David Lindsay

David Lindsay

Scottish · 1876 to 1945

Born on March 3, 1876, in Blackheath, southeast London, David Lindsay was the son of a Scottish father whose departure left the family in straitened circumstances, and the boy grew up shuttling between London and his relatives in Jedburgh, in the Scottish Borders. He was a gifted student offered a university place but could not afford to take it, and instead entered an insurance firm at Lloyd's of London, where he worked as an underwriter for some twenty years. He read deeply in German idealism and Norse mythology, kept his philosophical reading private, and did not begin to write until middle age.
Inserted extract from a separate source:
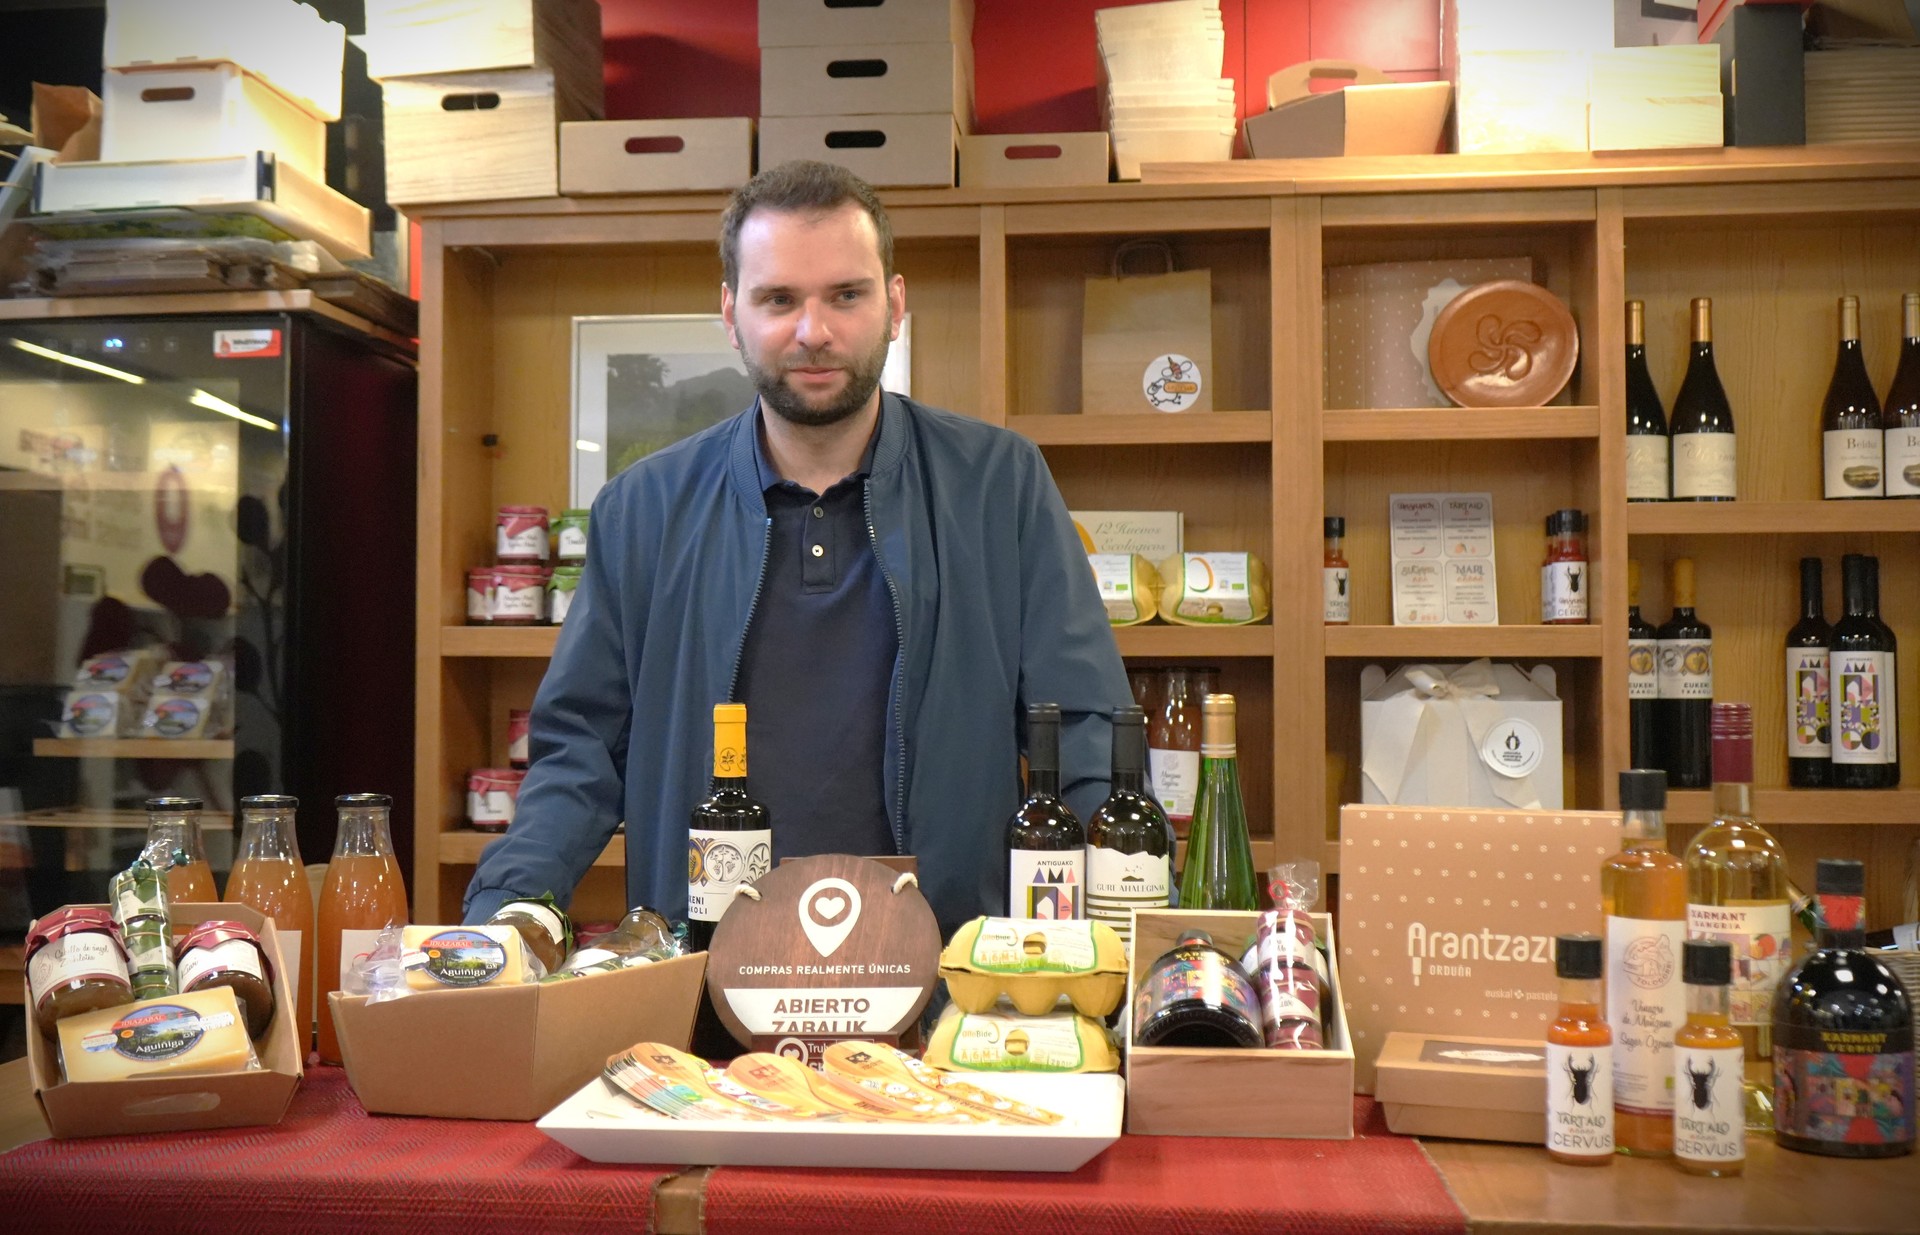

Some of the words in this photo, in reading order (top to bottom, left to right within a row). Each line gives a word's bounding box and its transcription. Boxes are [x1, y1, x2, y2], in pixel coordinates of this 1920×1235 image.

Released from the office by a small inheritance, he moved to Cornwall and there composed A Voyage to Arcturus (1920), an interplanetary quest across the strange planet Tormance that reads less as adventure than as a metaphysical pilgrimage toward an austere, world-denying truth. It sold fewer than six hundred copies and was remaindered, a failure that shadowed the rest of his life. He pressed on with The Haunted Woman (1922), Sphinx (1923), the historical romance Adventures of Monsieur de Mailly (1926), and Devil's Tor (1932), none of which found a readership. Two further novels, The Violet Apple and The Witch, went unpublished in his lifetime. He spent his last years running a boarding house in Brighton, embittered and increasingly solitary. He died on July 16, 1945, at the age of sixty-nine, from an abscess in his tooth that had spread, weeks after a bomb blast shattered the windows of his home. His reputation rests almost entirely on the book nobody bought.